Extracted records:
----------------------------------------
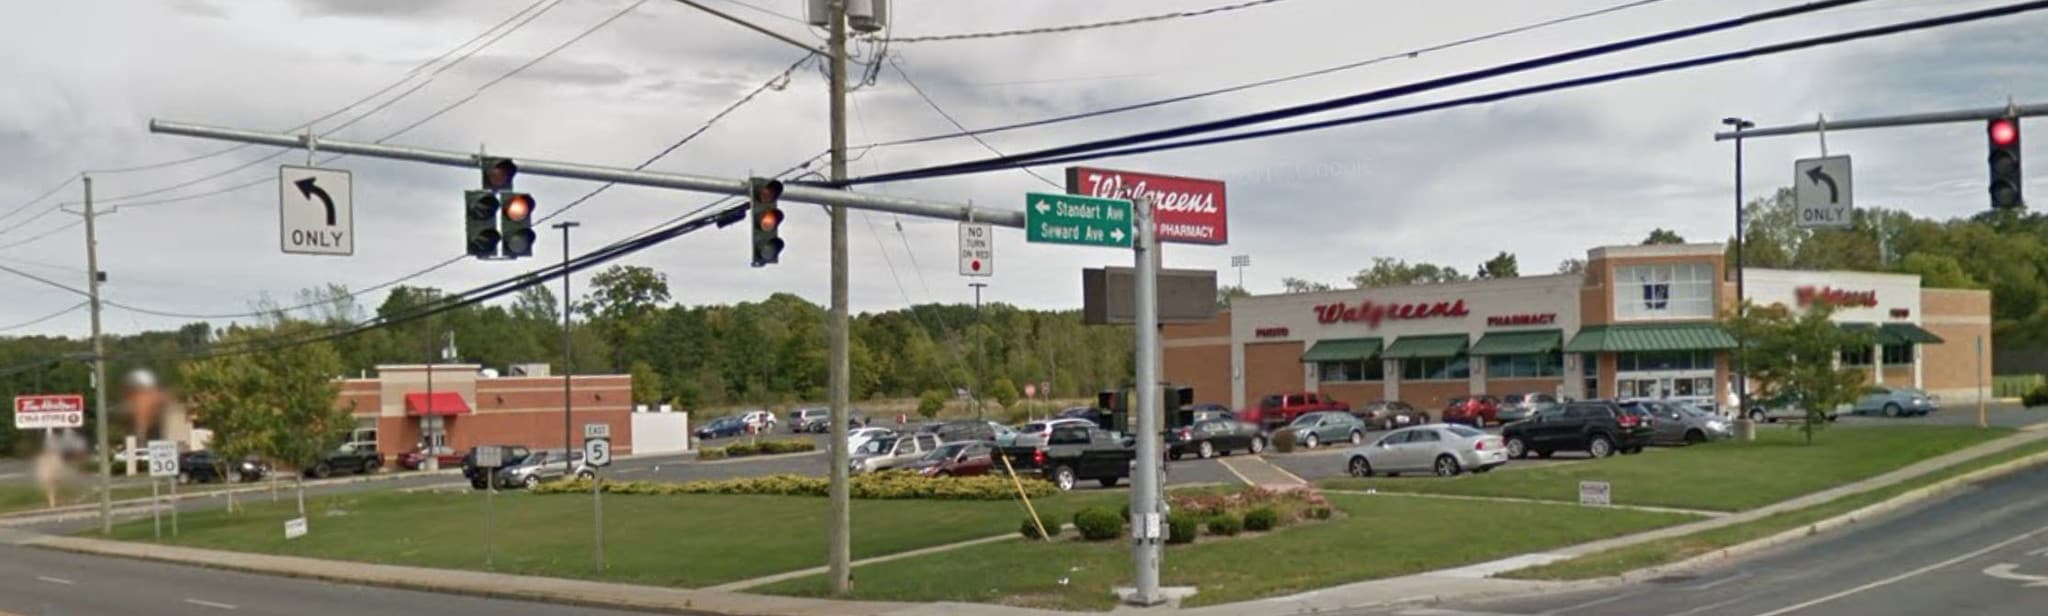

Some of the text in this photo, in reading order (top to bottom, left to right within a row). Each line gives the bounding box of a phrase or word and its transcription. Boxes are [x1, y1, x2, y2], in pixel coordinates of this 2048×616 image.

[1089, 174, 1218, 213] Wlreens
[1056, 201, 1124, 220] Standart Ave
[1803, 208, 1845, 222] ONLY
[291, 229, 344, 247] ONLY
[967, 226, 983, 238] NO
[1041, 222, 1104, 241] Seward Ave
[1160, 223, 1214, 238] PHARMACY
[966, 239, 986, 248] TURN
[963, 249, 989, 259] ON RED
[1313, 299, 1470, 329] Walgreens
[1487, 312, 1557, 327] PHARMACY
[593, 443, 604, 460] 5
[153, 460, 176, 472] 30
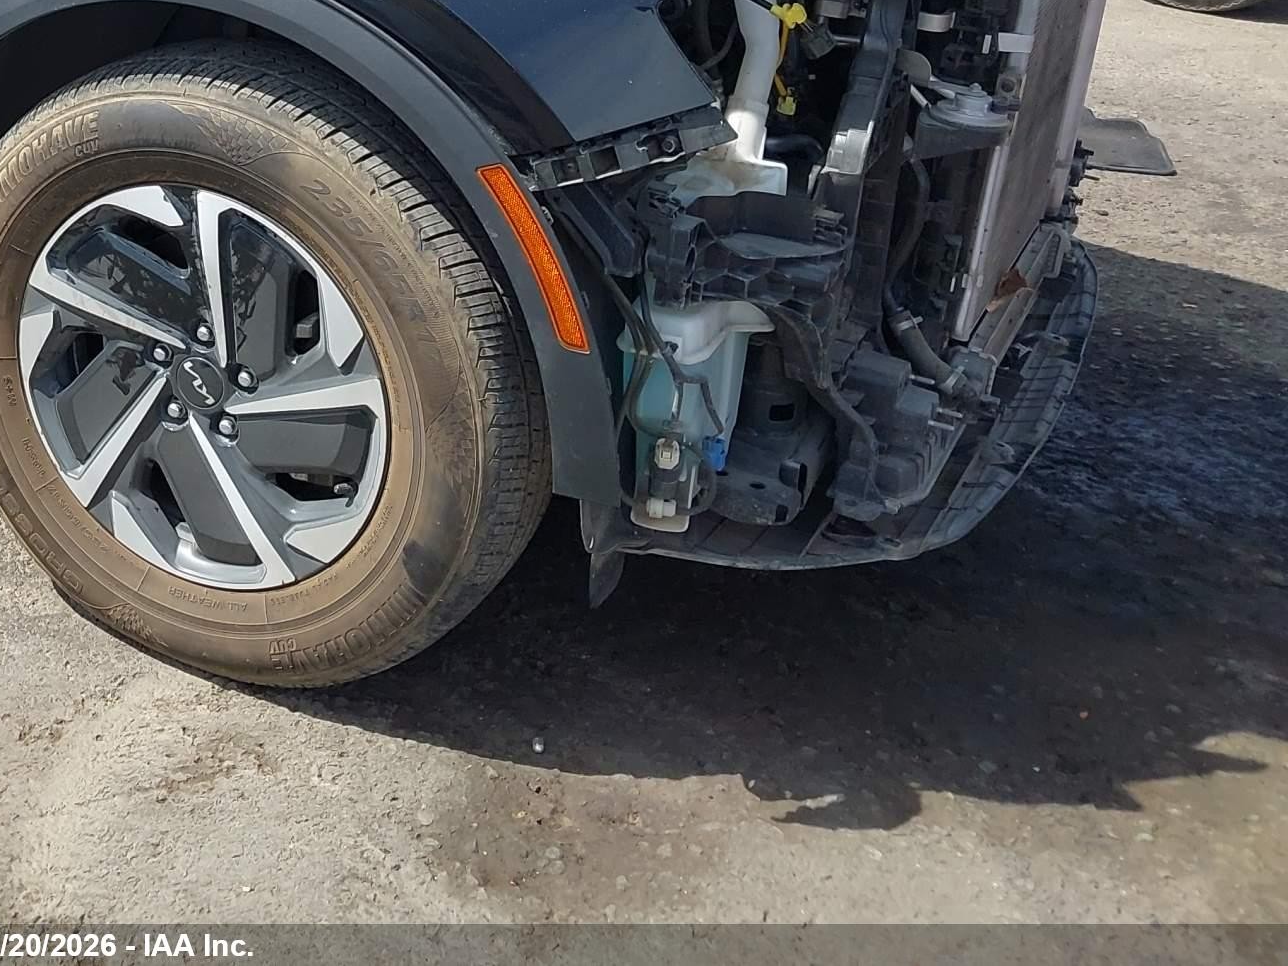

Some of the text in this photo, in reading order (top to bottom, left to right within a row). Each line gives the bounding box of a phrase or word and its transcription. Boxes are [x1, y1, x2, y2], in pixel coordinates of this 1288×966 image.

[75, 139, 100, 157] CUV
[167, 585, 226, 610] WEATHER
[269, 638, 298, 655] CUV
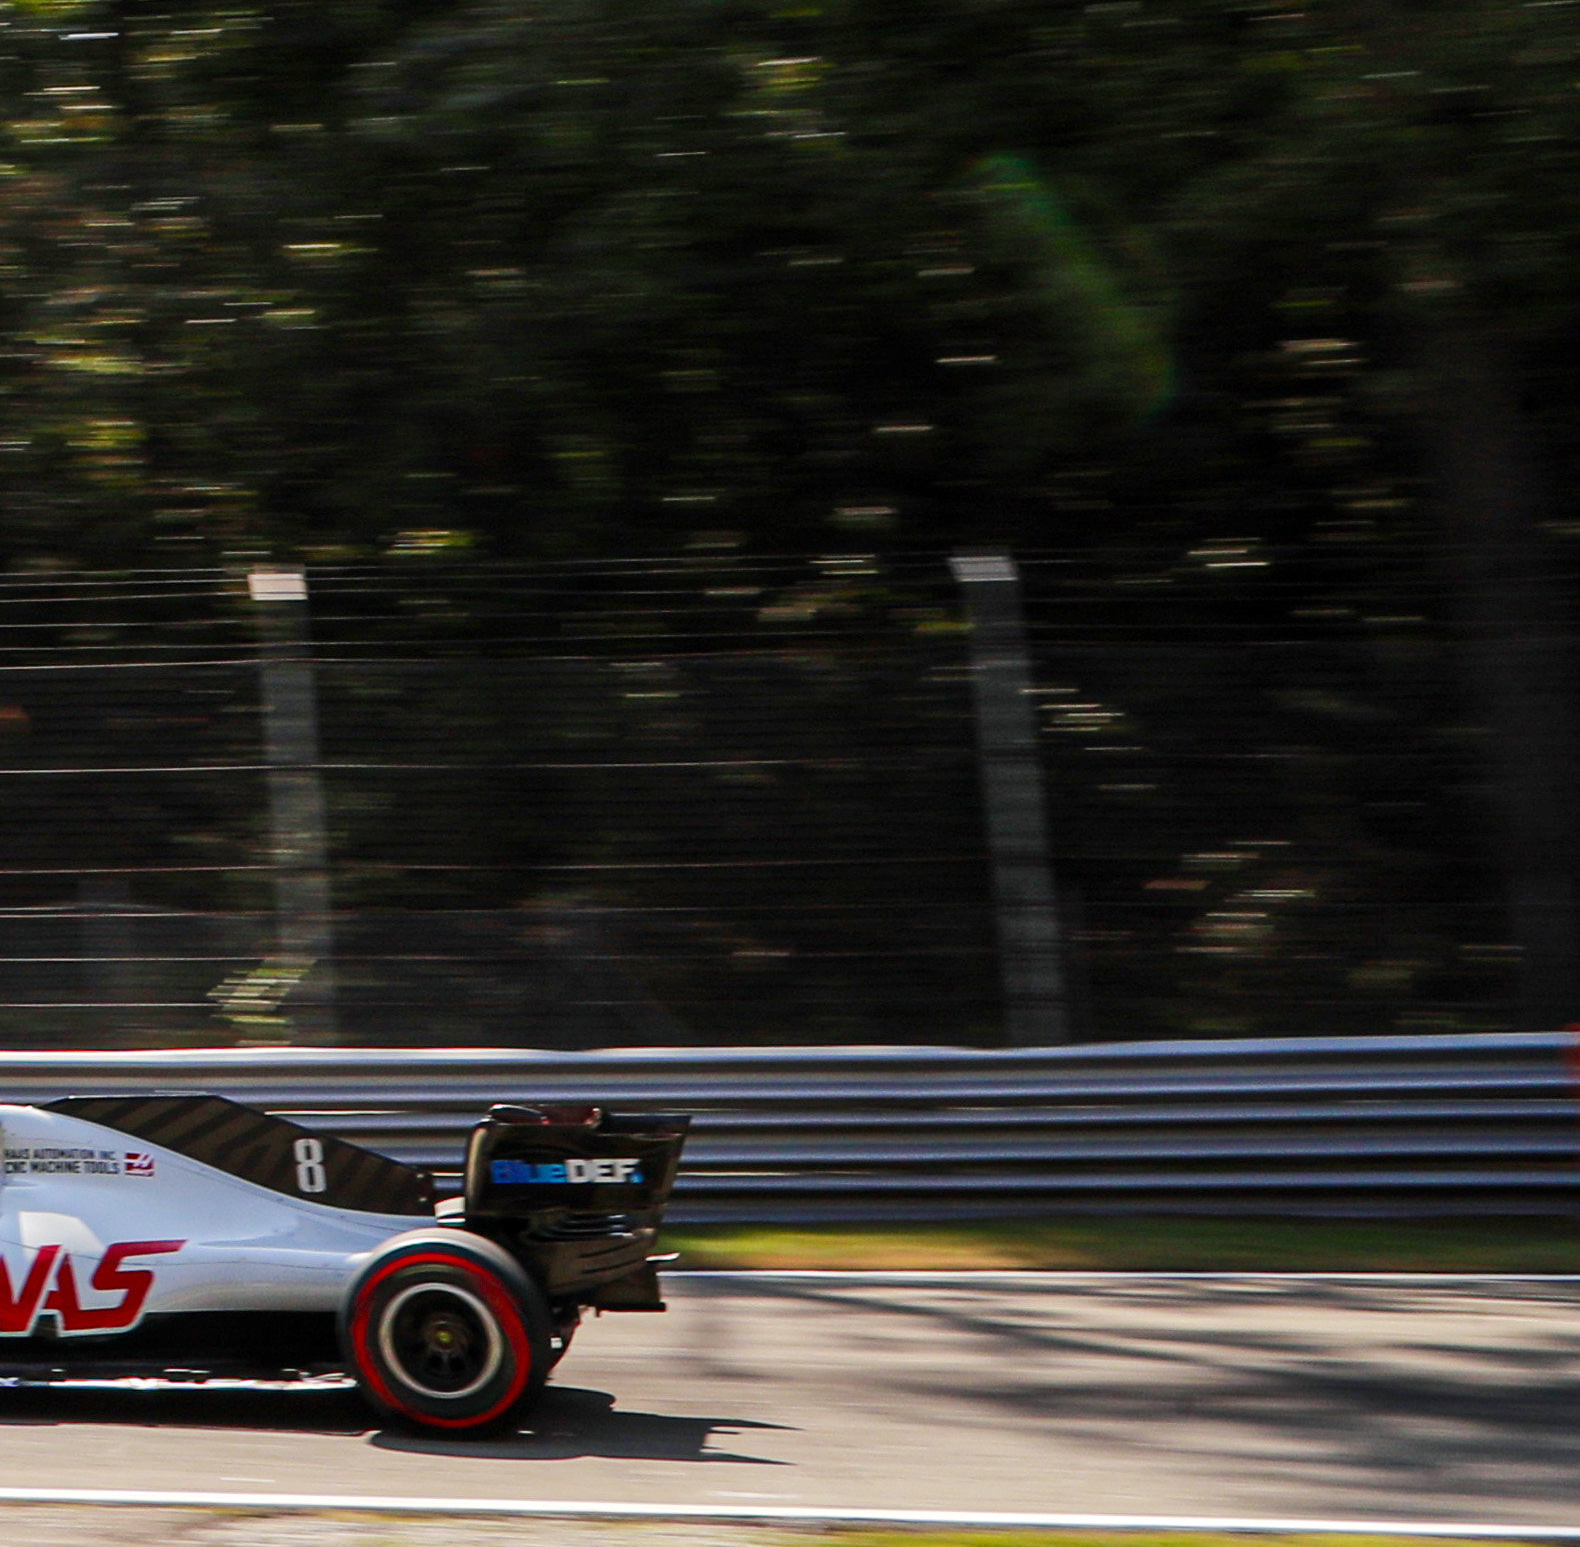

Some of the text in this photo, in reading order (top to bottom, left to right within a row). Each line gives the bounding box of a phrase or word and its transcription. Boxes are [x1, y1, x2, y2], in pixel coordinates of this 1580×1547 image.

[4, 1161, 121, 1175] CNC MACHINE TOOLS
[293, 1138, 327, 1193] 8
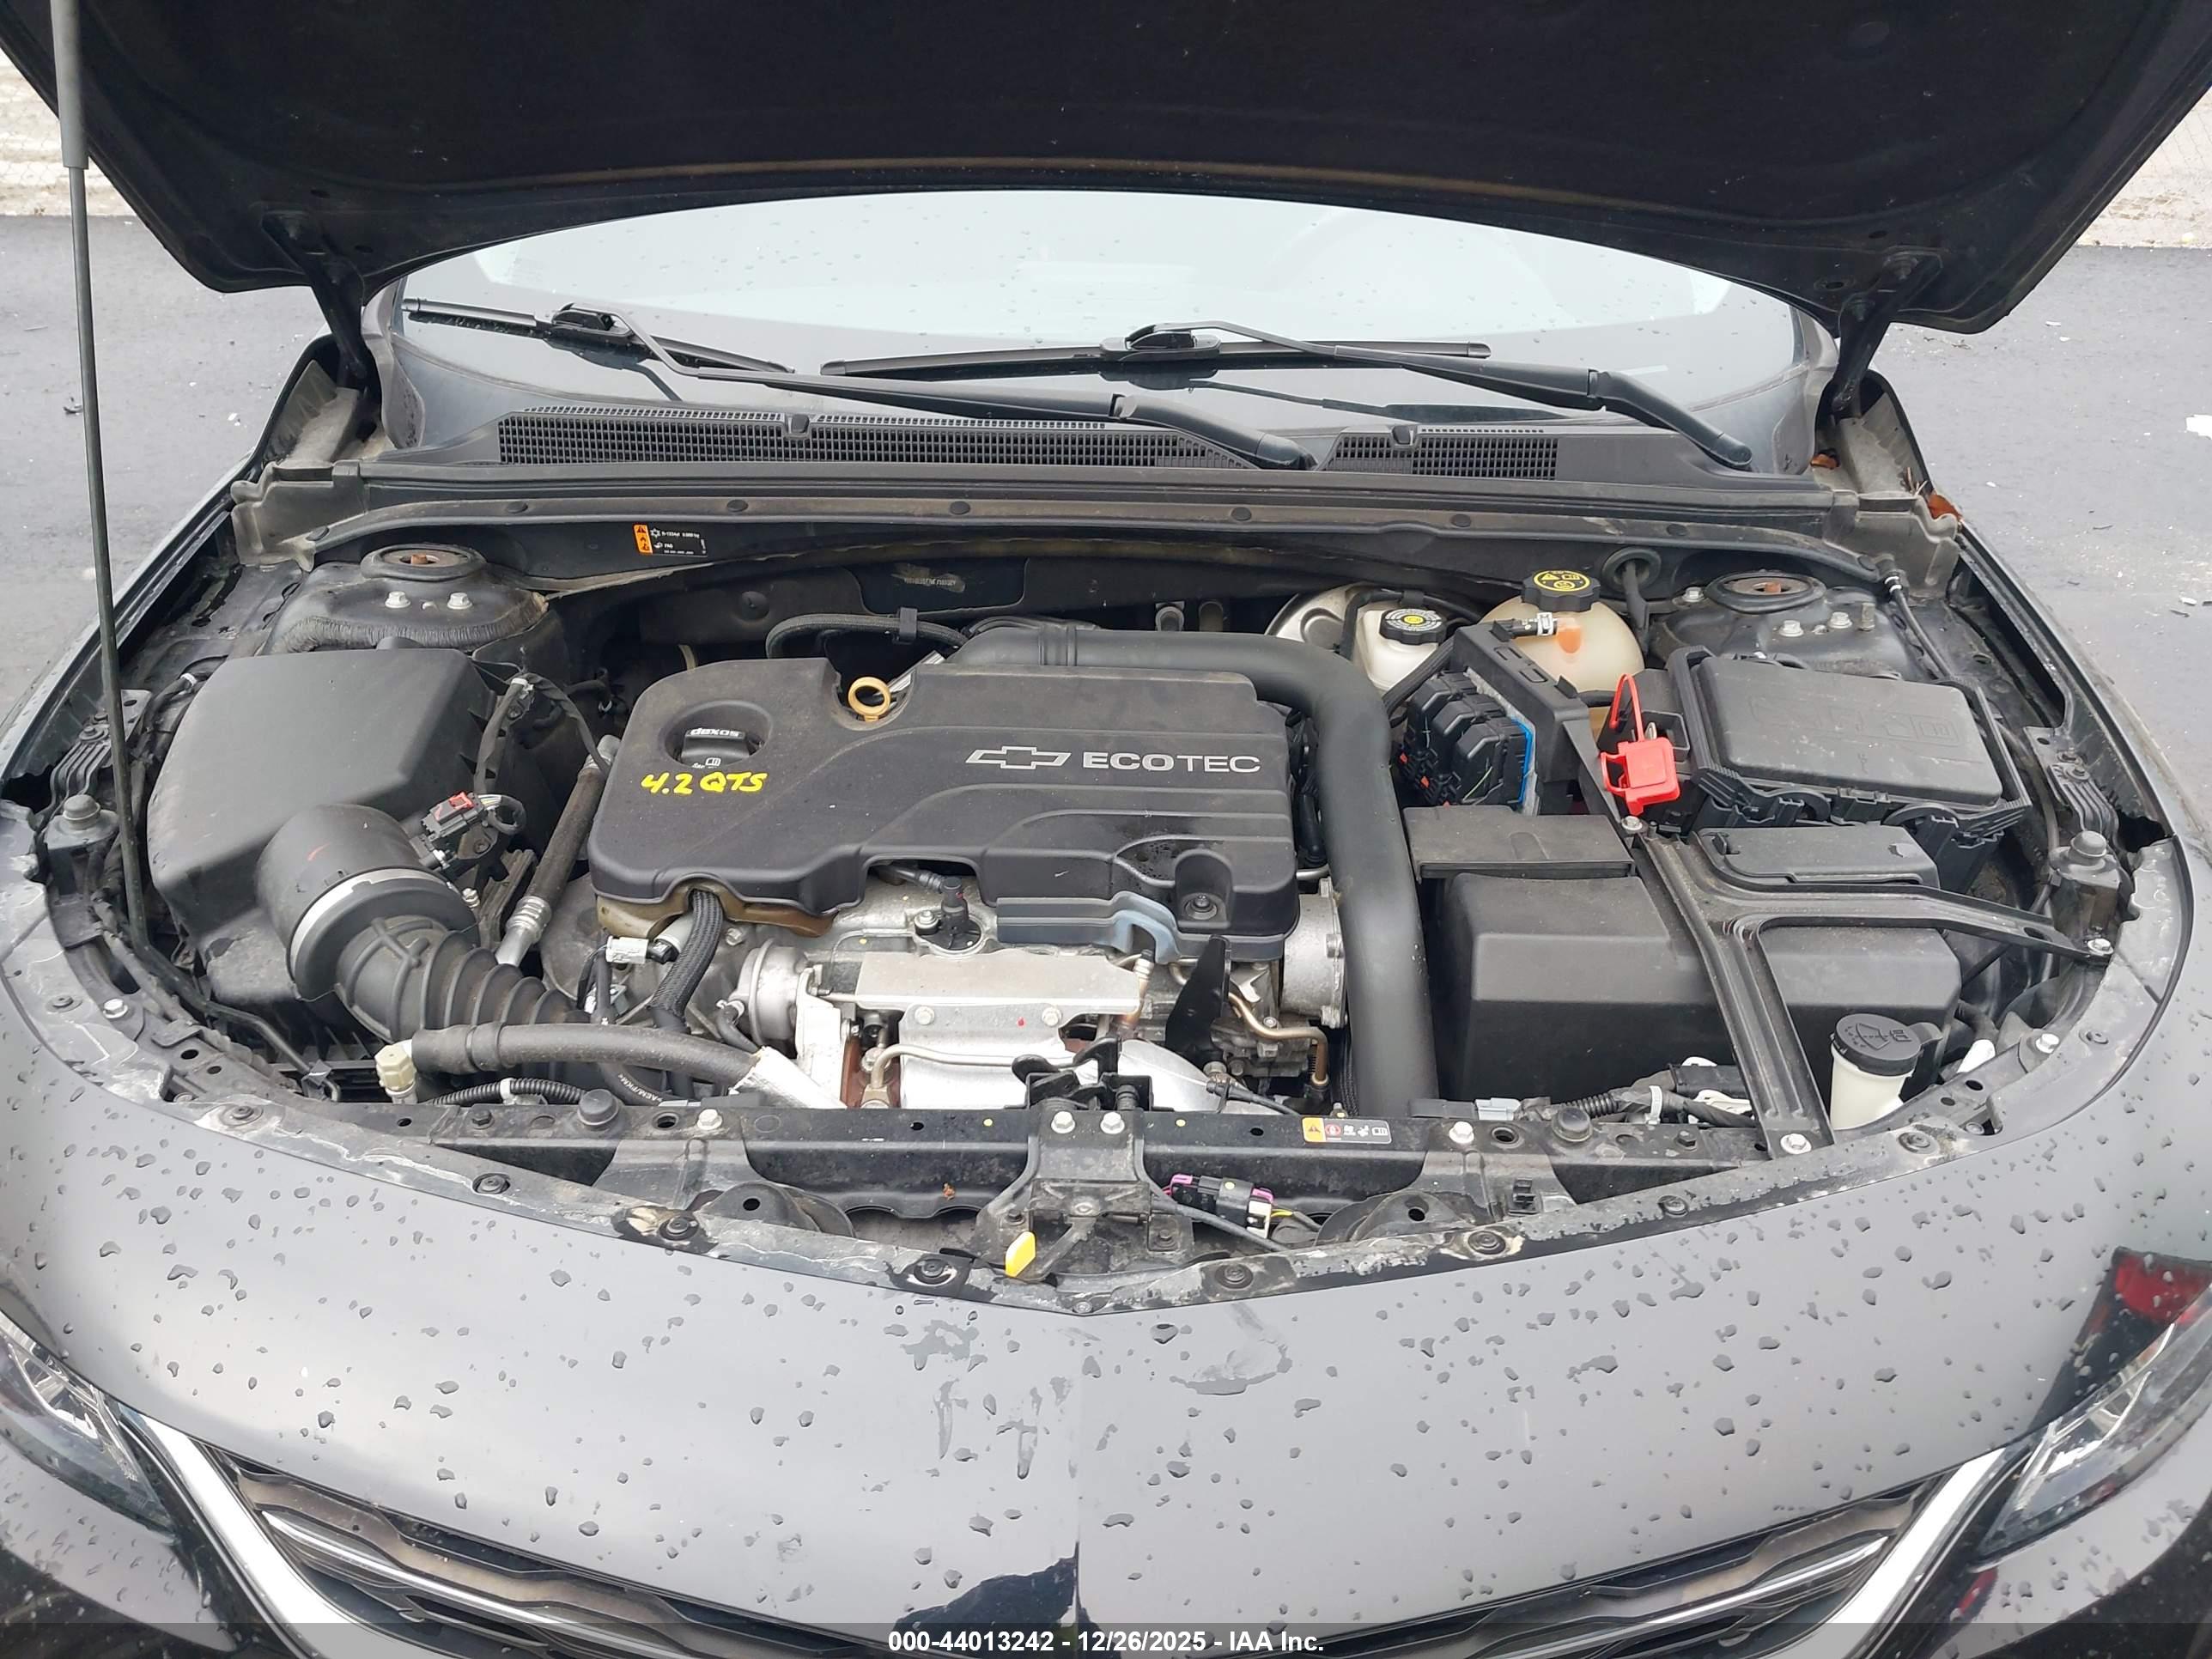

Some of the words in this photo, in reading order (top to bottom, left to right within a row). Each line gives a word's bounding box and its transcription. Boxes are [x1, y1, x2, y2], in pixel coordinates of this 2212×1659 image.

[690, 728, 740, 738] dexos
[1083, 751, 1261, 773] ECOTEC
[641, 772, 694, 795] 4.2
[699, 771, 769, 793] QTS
----------------------------------------
> _YOUR OBJECTIVE_:
Beginning with the line that contains "Some of the words" and ending with the last line of the data above, return those lines exactly and nothing else.

> _OUTPUT FOR THIS TASK_:
Some of the words in this photo, in reading order (top to bottom, left to right within a row). Each line gives a word's bounding box and its transcription. Boxes are [x1, y1, x2, y2], in pixel coordinates of this 2212×1659 image.

[690, 728, 740, 738] dexos
[1083, 751, 1261, 773] ECOTEC
[641, 772, 694, 795] 4.2
[699, 771, 769, 793] QTS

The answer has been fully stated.